Part 2 of the series

By Dan Schwartz


Ensemble directors are great leaders. They marshal dozens of individuals to work in synchrony toward a common goal: the command performance. A director’s nuanced use of pressure and praise brings out the best in his or her performers.

But an ensemble director is also a master delegator. After all, it isn’t the director who pushes the right key on the clarinet, or hits the right harmony in the tenor voice. The director, at some point, entrusts the musicians to perform their part in making a great ensemble.

In part one of this series, I suggested ways to determine the proper trip for your ensemble. Especially for ensembles new to travel, the tour had to be big enough to feel worth the effort that will be expended, small enough to be achievable, and exciting enough to interest the ensemble members, their parents, and the community-at-large.




Don’t Try to Do This Alone

Once you’ve found that proper balance and picked the perfect tour for your ensemble, it’s tempting to feel like you are ready to tackle all aspects of the trip . . . all by yourself.


Sure, you’ve seen a superhuman-like colleague or two who seem able to tackle anything that comes their way, and if they can run a tour by themselves, why can’t you? Because virtually no one actually does this alone. Trip planning, like directing, needs a leader and a delegator. Someone with the vision, and a team to help bring it to life.

…if the ensemble is looking to fundraise some or all of the tour costs, a fundraising chair is very valuable.

The first person a director generally thinks of is someone to help keep track of the money. A parent who is an accountant is invaluable here. So is anyone with bookkeeping or small business management experience. This person needs to be trustworthy, accountable, and completely reliable. Tours cost money, and the money needs to be well-stewarded. I feel fortunate never to have been involved in a situation where the ensemble was harmed by malfeasance, but surely that’s happened to some ensemble, somewhere. Choose this person wisely, and make sure they can be trusted.

Next, if the ensemble is looking to fundraise some or all of the tour costs, a fundraising chair is very valuable. This can be someone with any sort of fundraising experience, professional or volunteer, or can simply be someone with a lot of creative ideas.

In any case, signing up for and promoting profit sharing nights at local restaurants takes time and effort. Working with a fund raising company, if you choose to, takes time and effort. Organizing a raffle or an auction (I’m more partial to raffles, myself) takes time and effort. It all adds up to a lot of time and effort, and an enthusiastic fundraising chair can lighten your workload while filling your coffers!

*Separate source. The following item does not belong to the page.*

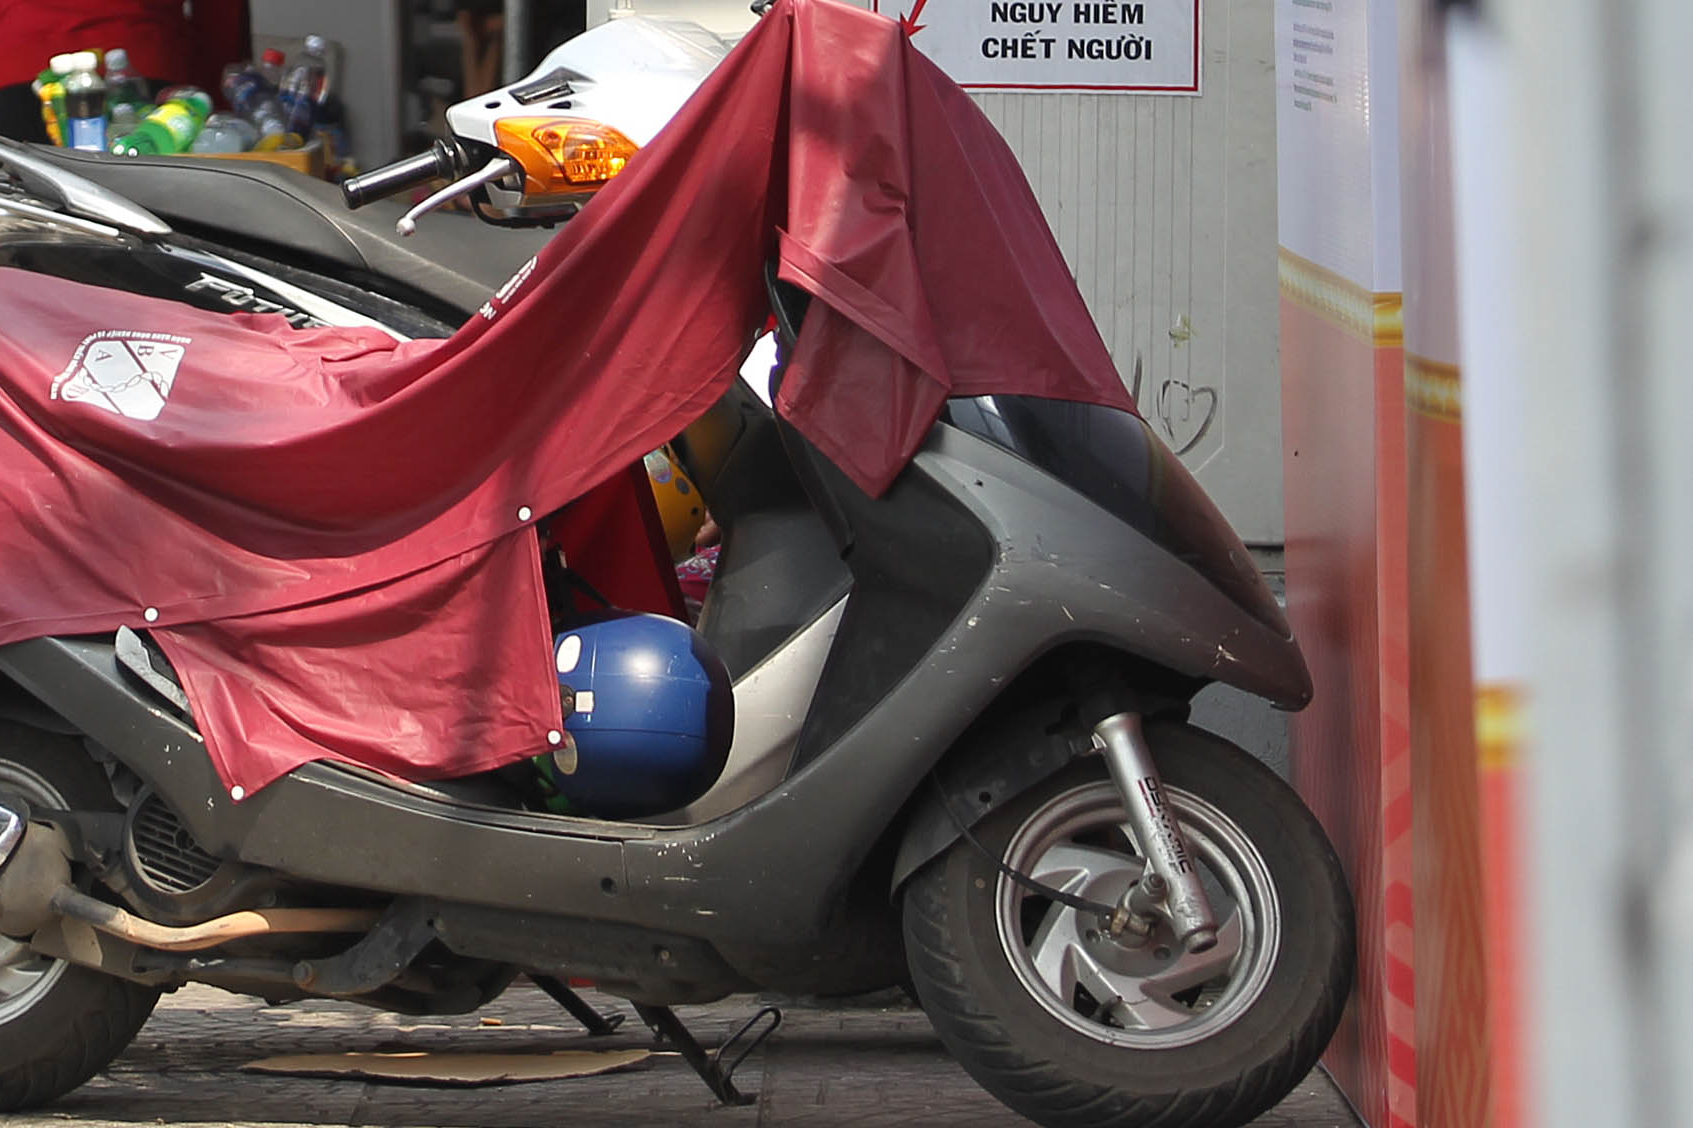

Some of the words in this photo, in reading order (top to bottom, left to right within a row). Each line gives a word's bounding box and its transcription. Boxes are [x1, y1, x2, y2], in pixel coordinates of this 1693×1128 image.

[991, 2, 1063, 23] NGUY
[981, 30, 1056, 60] CHẾT
[1067, 33, 1152, 61] NGƯỜI

Fundraising Helps, Social Media Generates Interest

Fundraising involves a great deal of promotion, and promotion requires getting the ensemble’s cause out in the public. Ten years ago, I would have said that you need a press person. You still do, but nowadays you would be wise to also have a social media manager. Traditional press can be elusive, but they are sometimes only a phone call (or two . . . or three . . . or four away). News cycles ebb and flow, but the time newscasts and morning shows need to fill remain the same day in and day out.

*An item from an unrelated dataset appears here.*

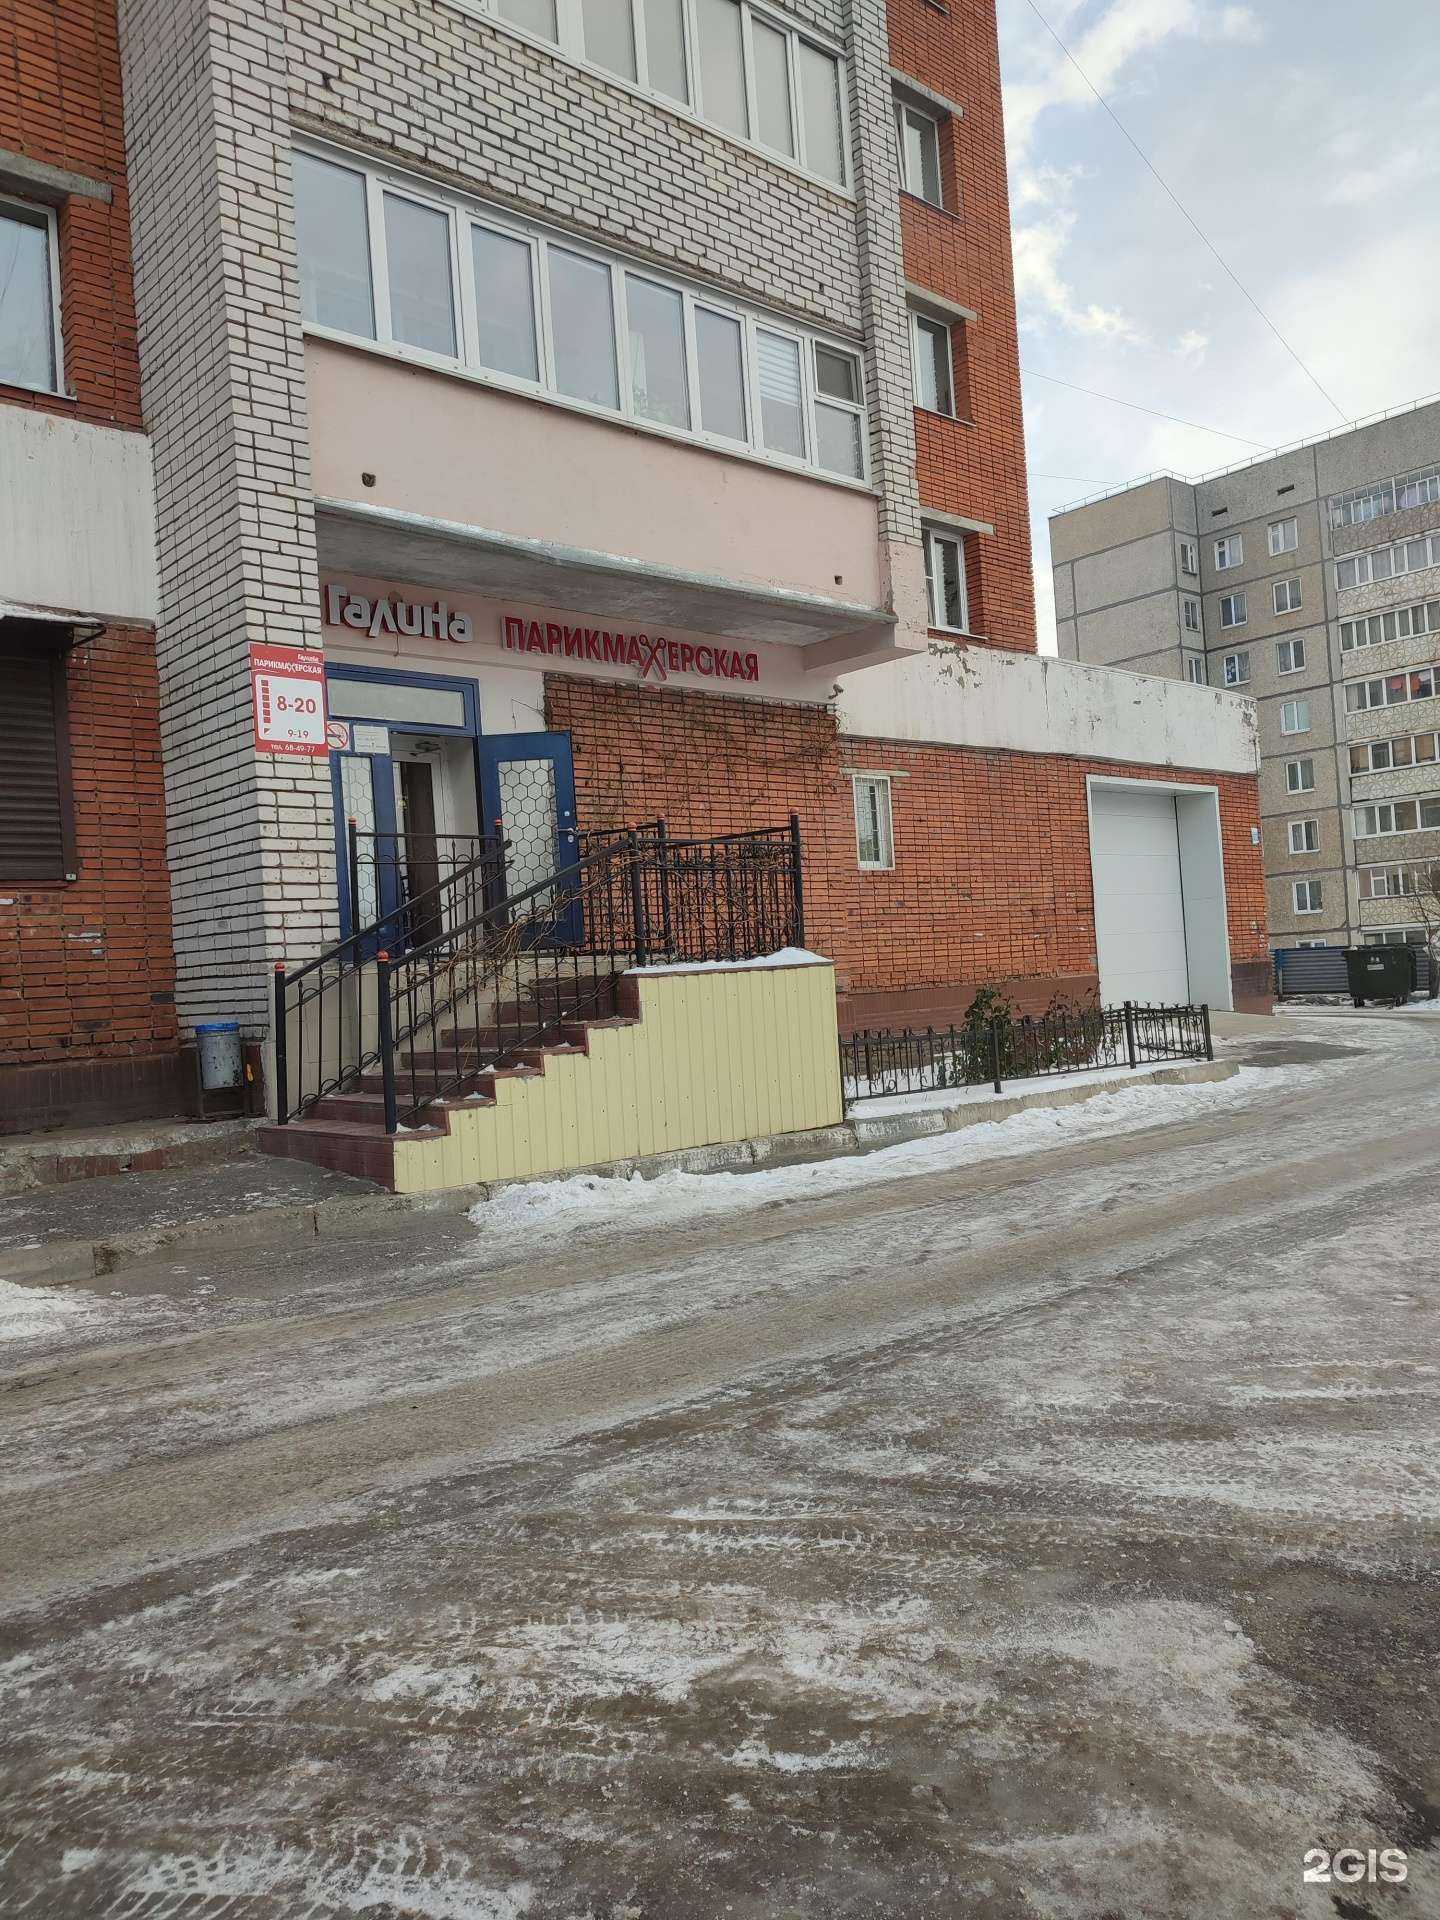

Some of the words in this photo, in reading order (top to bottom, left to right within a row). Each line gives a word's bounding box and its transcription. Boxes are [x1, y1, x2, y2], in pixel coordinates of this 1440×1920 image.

[325, 584, 473, 643] Галина
[276, 695, 316, 714] 8-20
[287, 729, 309, 739] 9-19

Social media allows you to be your own press.

Find and keep in touch with your local television station’s bookers, and if you were successful in picking a tour or event that will engage the community, be ready for them to say “yes” . . . at some point. A kind but persistent person will be valuable in keeping all of the traditional press aware of what you are doing.

Social media allows you to be your own press. Write a short article about your ensemble and what it is working toward, and post it to your social media channels. Take pictures at band camp, or videos of rehearsals and post them frequently. Ask your ensemble members to regularly share your social media manager’s posts.

The more activity you have, the more buzz you can generate. And then when the local news or newspaper features you, blast that out to the audience you’ve been growing online and let them see how the community-at-large is getting behind your endeavors. This isn’t an exact science, but with some energetic people steering it, you will soon see success.


TongRo Images/TongRo Images/Thinkstock


Keep an Eye on the Paperwork (with Help Of Course!)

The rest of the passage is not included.